Dataset excerpts
______
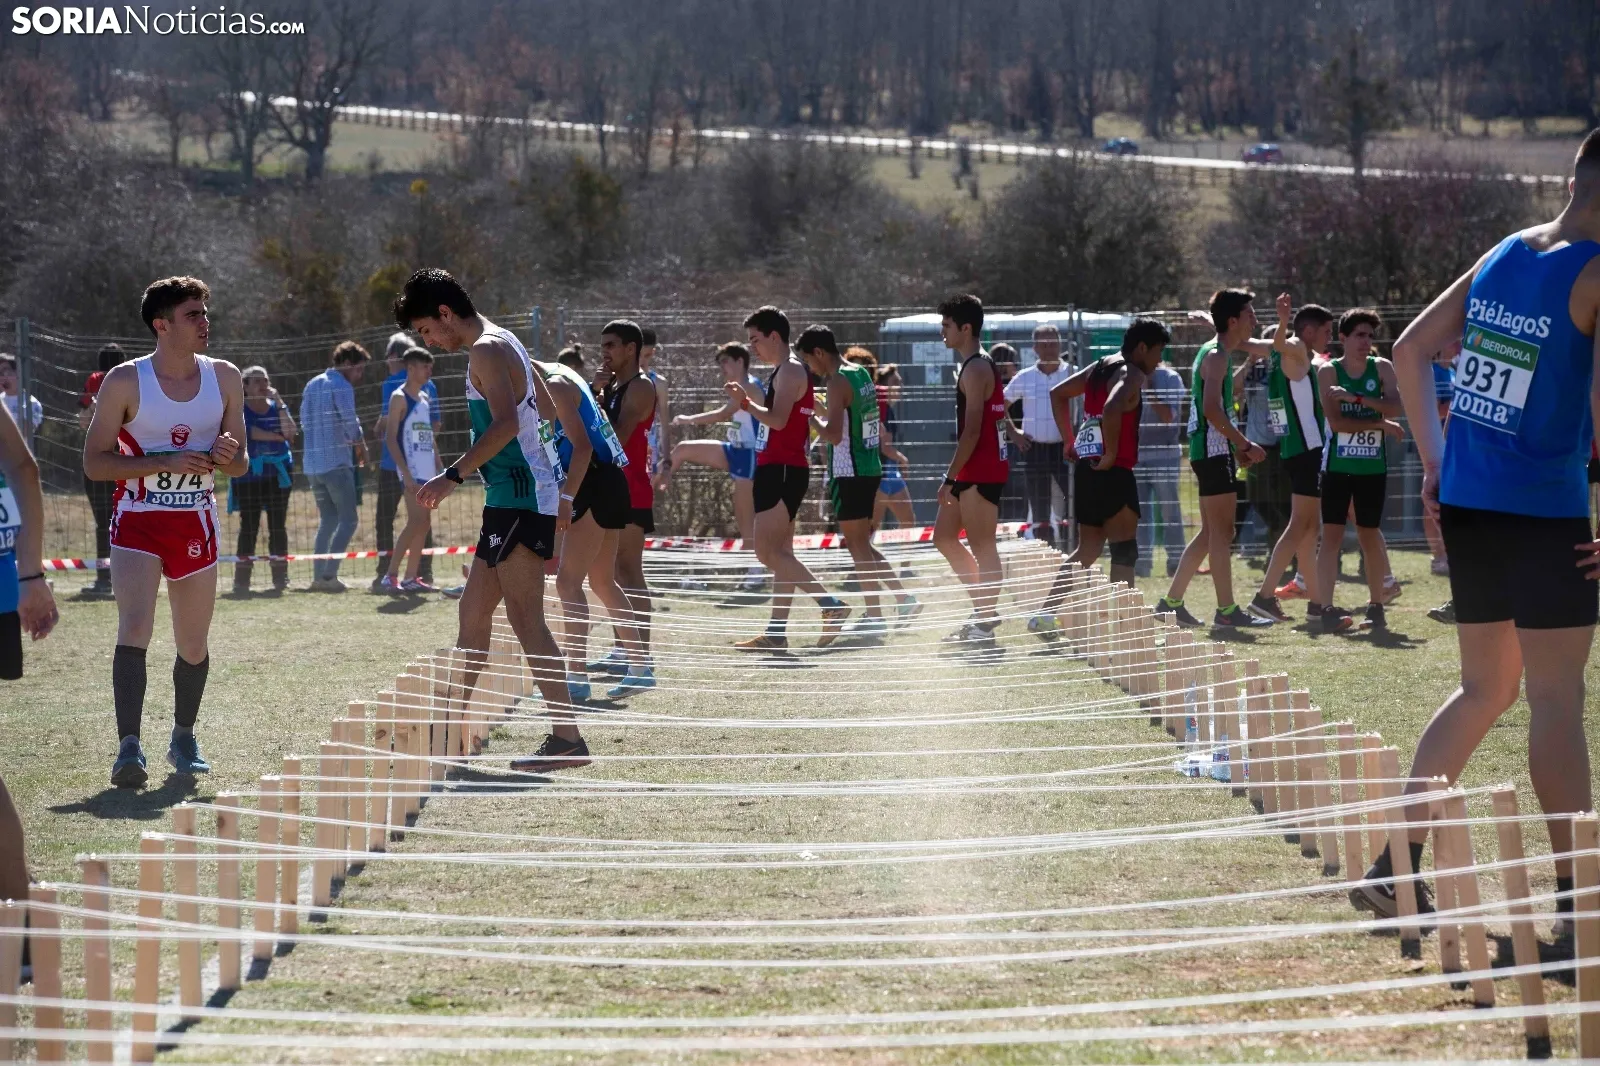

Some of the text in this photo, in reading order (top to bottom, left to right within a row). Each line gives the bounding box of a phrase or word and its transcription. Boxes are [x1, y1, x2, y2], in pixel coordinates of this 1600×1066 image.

[1481, 339, 1531, 363] IBERDROLA
[1461, 356, 1513, 399] 931
[1348, 430, 1376, 446] 786
[157, 471, 202, 490] 874
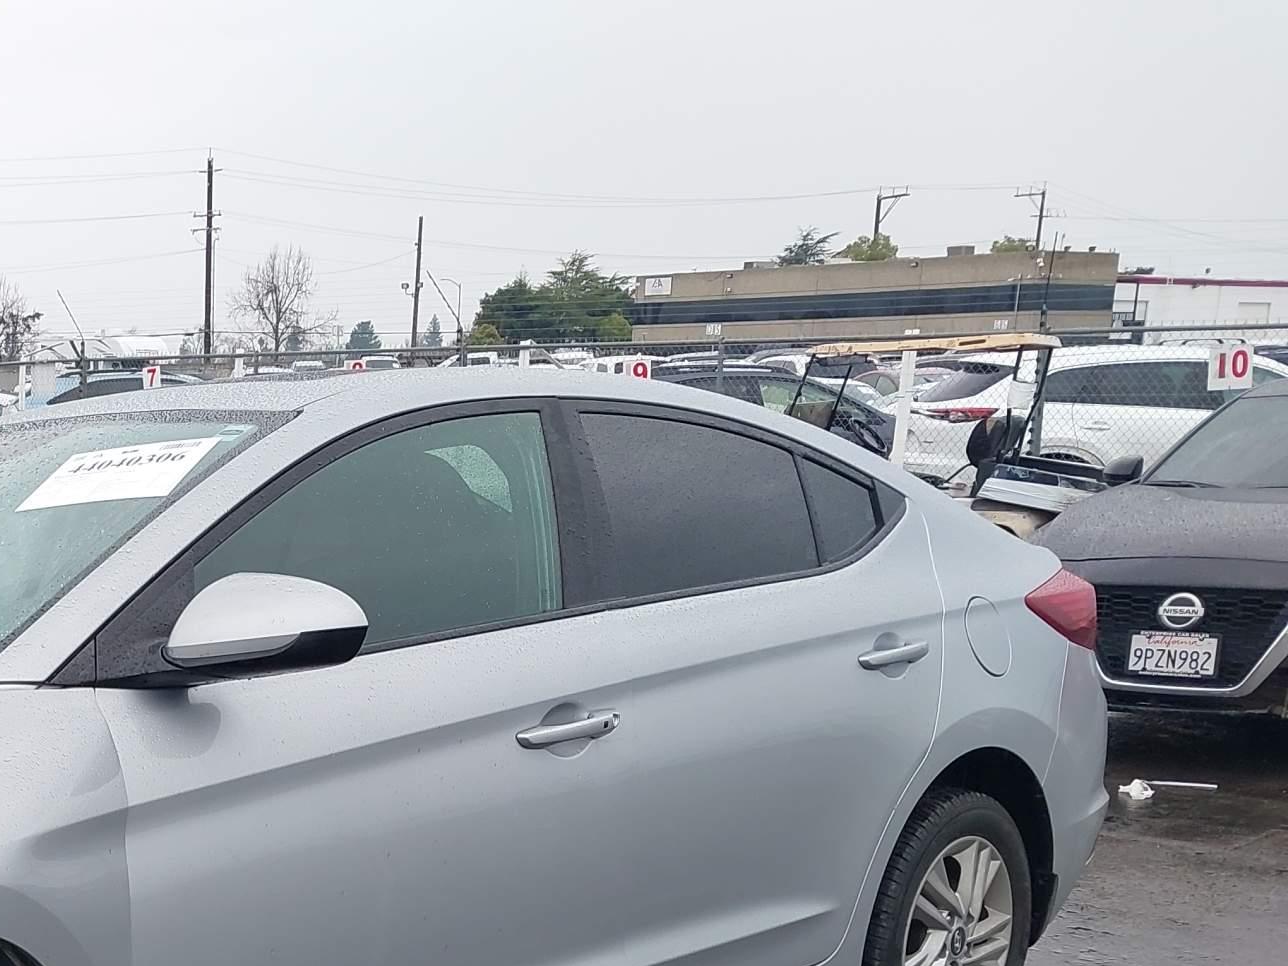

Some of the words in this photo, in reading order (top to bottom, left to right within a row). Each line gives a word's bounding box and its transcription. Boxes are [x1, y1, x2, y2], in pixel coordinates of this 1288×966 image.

[1218, 350, 1249, 378] 10
[147, 367, 157, 387] 7
[68, 451, 187, 474] 44040306
[1146, 635, 1198, 647] California
[1132, 647, 1212, 671] 9PZN982
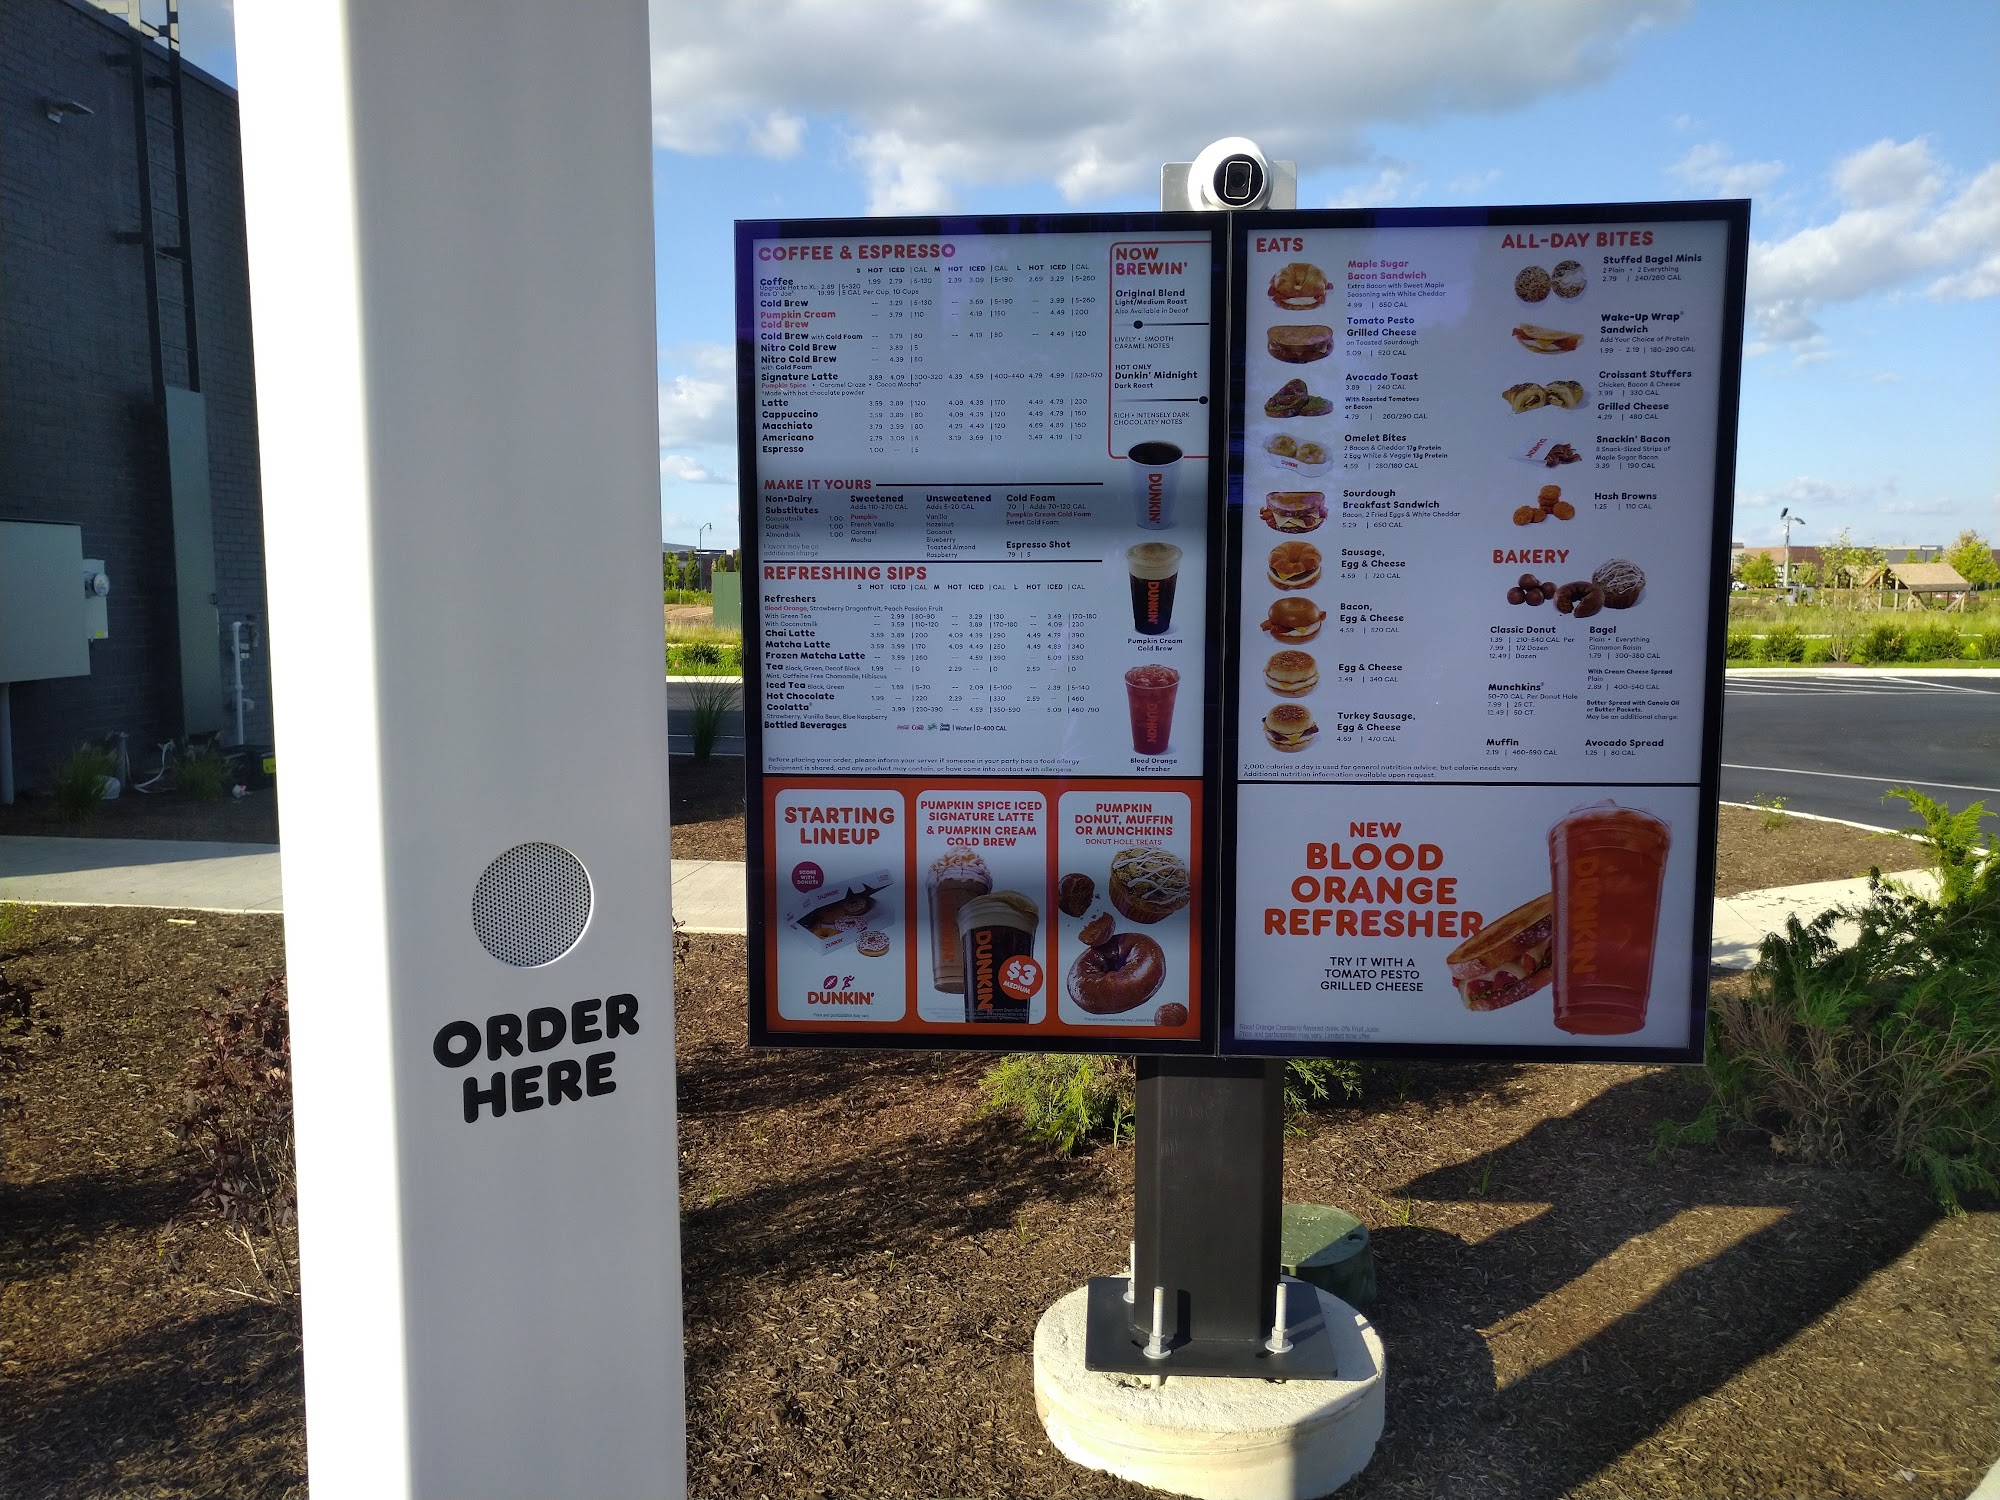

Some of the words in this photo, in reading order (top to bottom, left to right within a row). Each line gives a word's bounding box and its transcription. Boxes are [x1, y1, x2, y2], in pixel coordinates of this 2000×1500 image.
______
## TASK DESCRIPTION
Set down the data above exactly as written. Omit the pictures.

## SOLUTION FOR THIS TASK
Some of the text in this photo, in reading order (top to bottom, left to right within a row). Each line gives the bounding box of a phrase or word and its transcription. Boxes are [x1, y1, x2, y2], in pixel coordinates of this 1600×1066 image.

[1481, 339, 1531, 363] IBERDROLA
[1461, 356, 1513, 399] 931
[1348, 430, 1376, 446] 786
[157, 471, 202, 490] 874

Some of the words in this photo, in reading order (top to bottom, left to right within a row). Each line gives a word's bounding box and its transcription. Boxes are [x1, y1, x2, y2], in pixel coordinates of this 1288×966 image.

[1218, 350, 1249, 378] 10
[147, 367, 157, 387] 7
[68, 451, 187, 474] 44040306
[1146, 635, 1198, 647] California
[1132, 647, 1212, 671] 9PZN982

Some of the words in this photo, in reading order (top to bottom, left to right within a row). Each line gives a word's bounding box and its transcription. Boxes are [x1, y1, x2, y2], in pixel coordinates of this 2000×1500 image.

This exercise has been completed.